Now, I know that the current bindings are rather inconsistent in things such as these (mixing extension tokens with core ones), but I feel we should keep these separated. True, this makes things a little more difficult for people using these extensions (they have to cast), but makes life easier for people wanting to use core functionality. Moreover, it helps draw a line between what is and what is not possible: there are many extensions that affect e.g. PixelInternalFormat - we simply cannot hunt them all down in order to add the relevant tokens to this enum.

Now, if CompressedRgbAlphaS3tcDxt has been promoted to core, this becomes another matter entirely - we should add these tokens, dropping the "Ext" decoration.

Kamujin's picture

My test consisted of a maximized window (1920x1200 display) drawing a single textured quad using a vanilla GLSL shader with VBO's for both the vertices and indices.

The texture was 4096 x 4096 and stored internally as DXT1.

This was done on Ubuntu Linux 7.10 with an nVidia card running their beta drivers.

I tracked the framerates of both apps when set to continuously draw without sleeping the thread.

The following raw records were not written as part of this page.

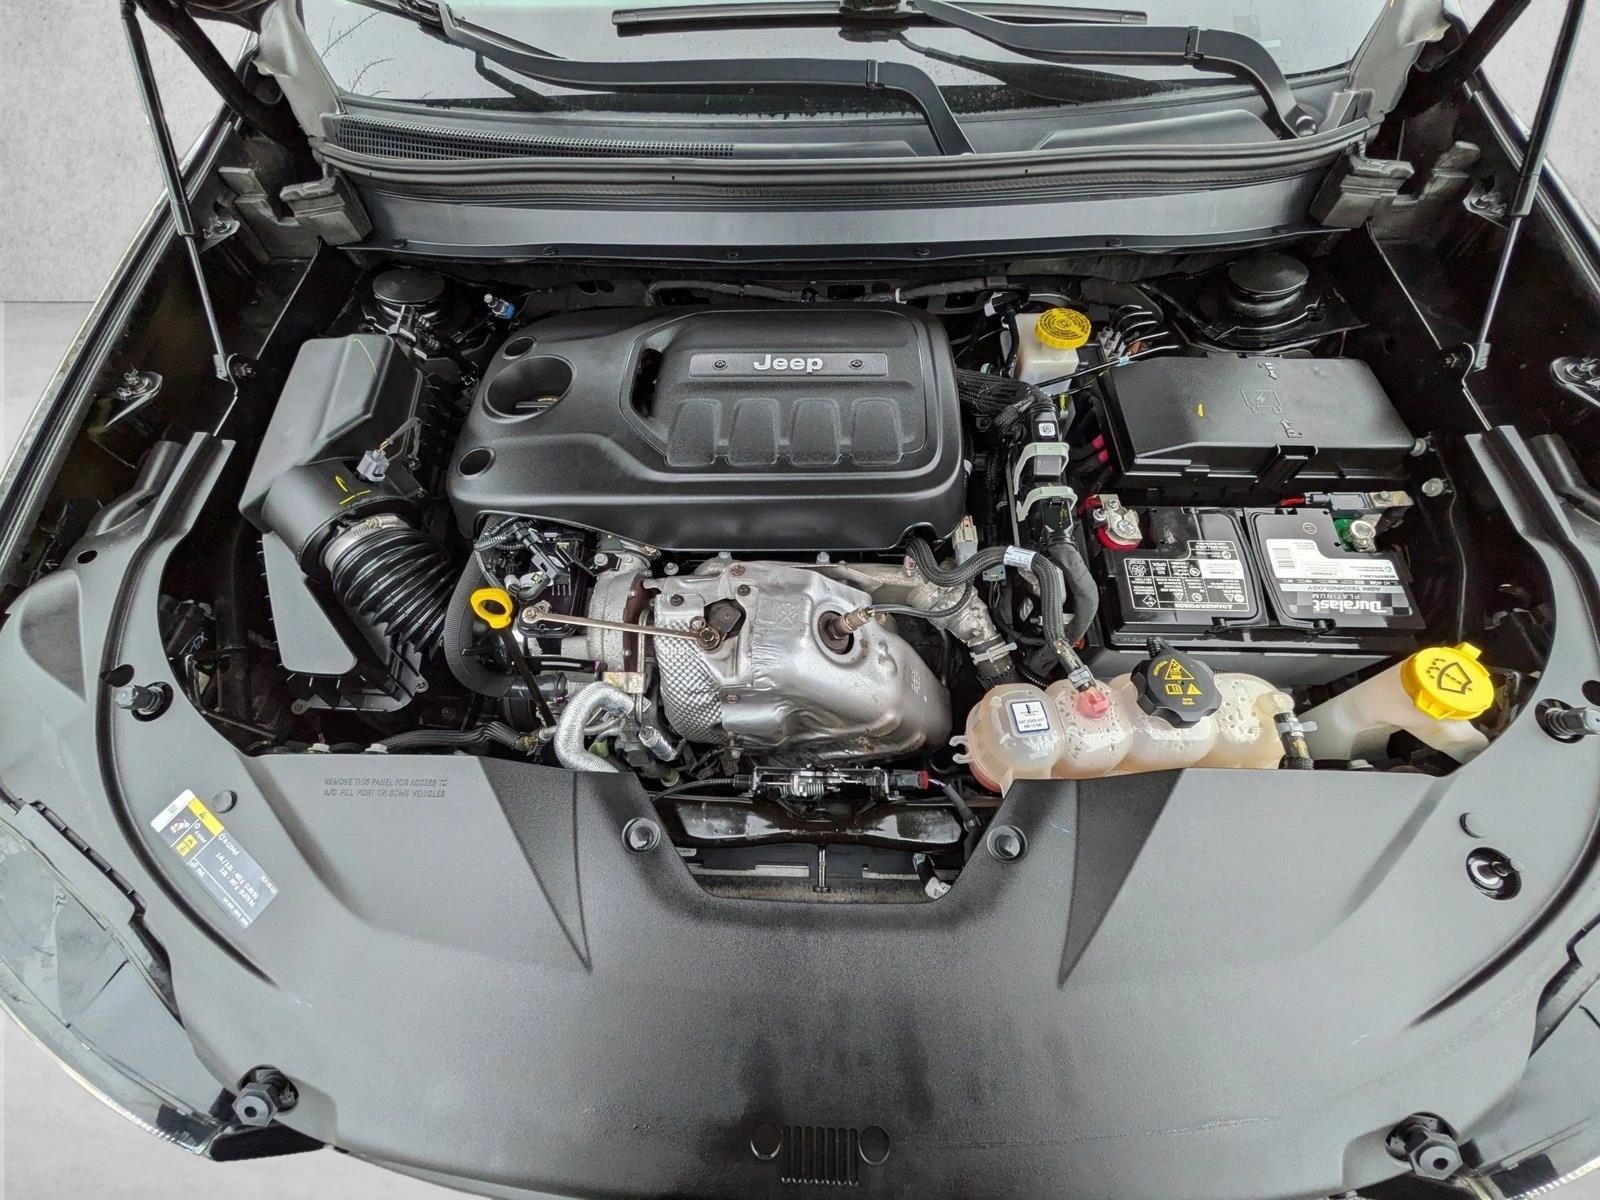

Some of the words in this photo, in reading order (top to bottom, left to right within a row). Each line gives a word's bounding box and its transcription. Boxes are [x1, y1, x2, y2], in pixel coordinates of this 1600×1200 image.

[753, 354, 823, 374] Jeep
[1313, 600, 1387, 613] Duralast
[324, 777, 353, 786] REMOVE
[354, 777, 370, 786] THIS
[370, 778, 393, 786] PANEL
[395, 778, 410, 786] FOR
[410, 778, 437, 787] ACCESS
[438, 779, 448, 787] TO
[340, 788, 353, 797] FILL
[356, 789, 375, 797] PORT
[377, 789, 389, 797] ON
[389, 789, 410, 798] SOME
[411, 789, 446, 798] VEHICLES

BTW, don't take my feedback too negatively. I am truly impressed by what I've seen thus far.

the Fiddler's picture

Thanks for the details and no worries, all feedback is positive in my book ;)

I'll have to profile to see where the overhead comes from, but I suspect it's many small things that add up. A good deal probably comes from the Stopwatches (on some systems it can take up to 700us to read a performance counter) and event processing (especially input, which subclasses the main window class to do its magic).

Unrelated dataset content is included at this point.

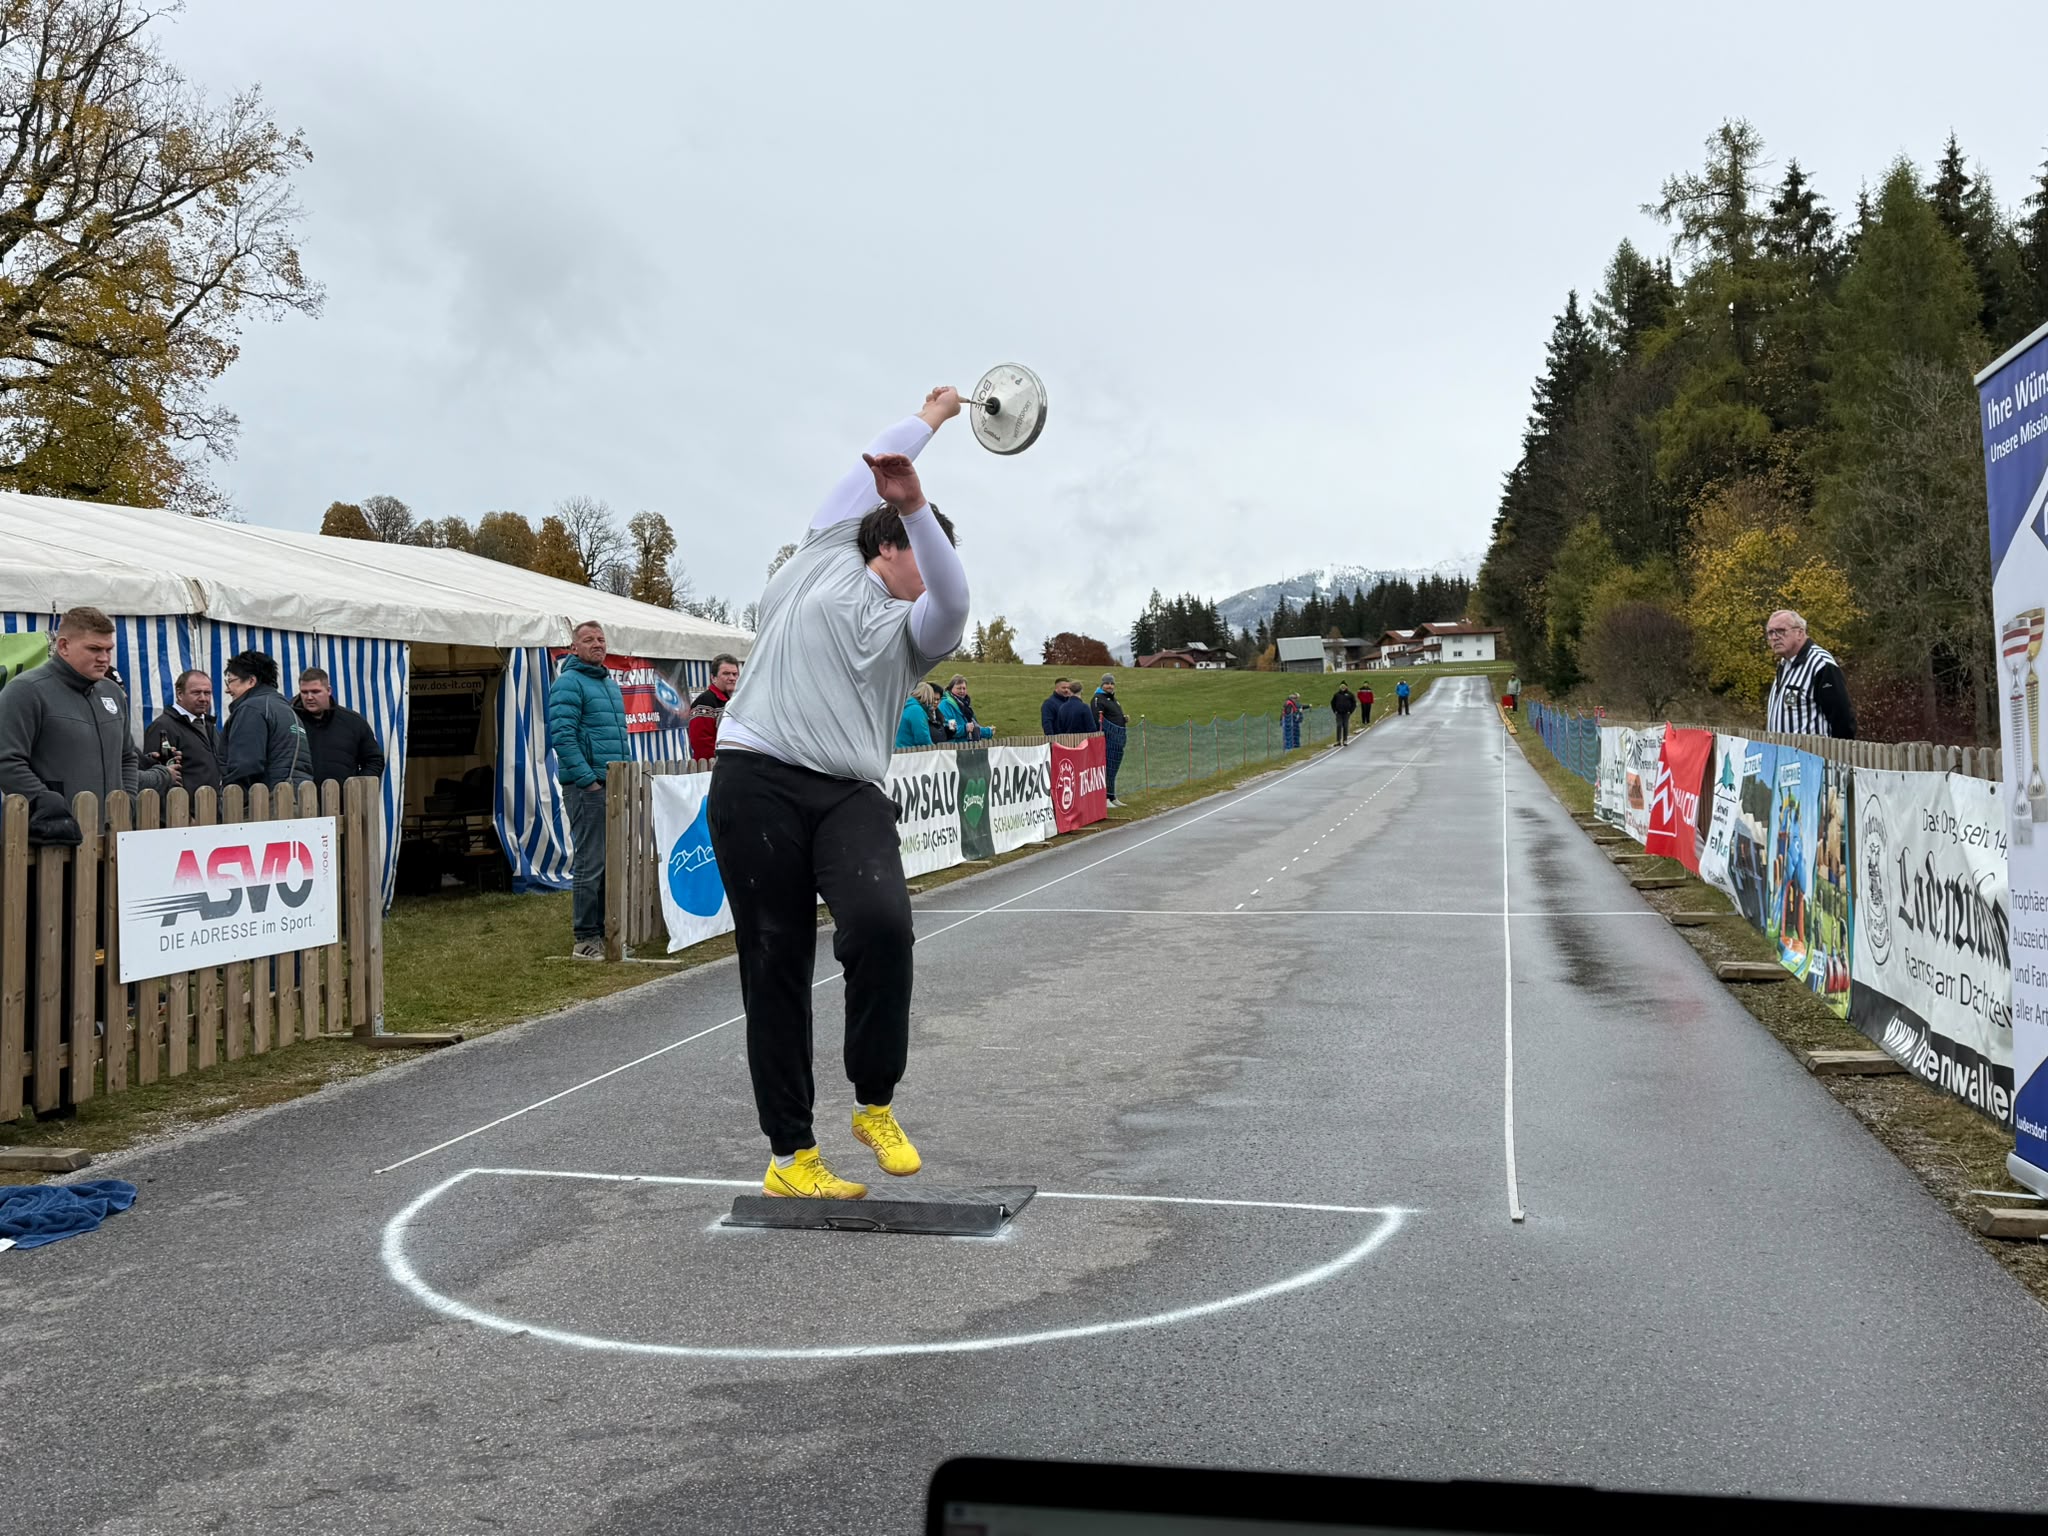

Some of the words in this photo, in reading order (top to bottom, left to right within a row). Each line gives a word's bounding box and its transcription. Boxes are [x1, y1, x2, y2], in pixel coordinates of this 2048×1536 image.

If this holds true, the difference should become less pronounced the more complex the program becomes. Still, we should find out where the difference comes from and fix it - it's not a very high priority yet, but it's one of the things to do.

Inertia's picture

I believe there's a misunderstanding here. PixelInternalFormat.CompressedSrgbAlphaS3tcDxt1Ext is available in 0.9.1 but not PixelInternalFormat.CompressedRgbAlphaS3tcDxt1Ext (first is sRGB, second is RGB)

Should probably either remove or add all S3TC tokens to PixelInternalFormat. I'd prefer adding them to the enum, they do have the 'Ext' suffix, so it should be obvious that they need to be handled with care. Currently you cannot call this without casting:

GL.CompressedTexImage2D(TextureTarget.Texture2D, 0, PixelInternalFormat.CompressedRgbAlphaS3tcDxt1Ext, ...etc.

Inertia's picture

bump (problem not fixed)

The initial post has incorrectly labeled tokens, this quote is from EXT_texture_compression_s3tc

Add to enum OpenTK.Graphics.PixelInternalformat

COMPRESSED_RGB_S3TC_DXT1_EXT 0x83F0
COMPRESSED_RGBA_S3TC_DXT1_EXT 0x83F1
COMPRESSED_RGBA_S3TC_DXT3_EXT 0x83F2
COMPRESSED_RGBA_S3TC_DXT5_EXT 0x83F3

Edit: This Extension is available on all OpenGL 1.4+ drivers, even Intel's! The reason why this has never been promoted to core are legal issues. Microsoft has licensed this from S3 though and included it into DirectX, so hardware support for this Extension is very good.

Edit2: The GL3 EXT_texture_array interacts with EXT_texture_compression_s3tc too.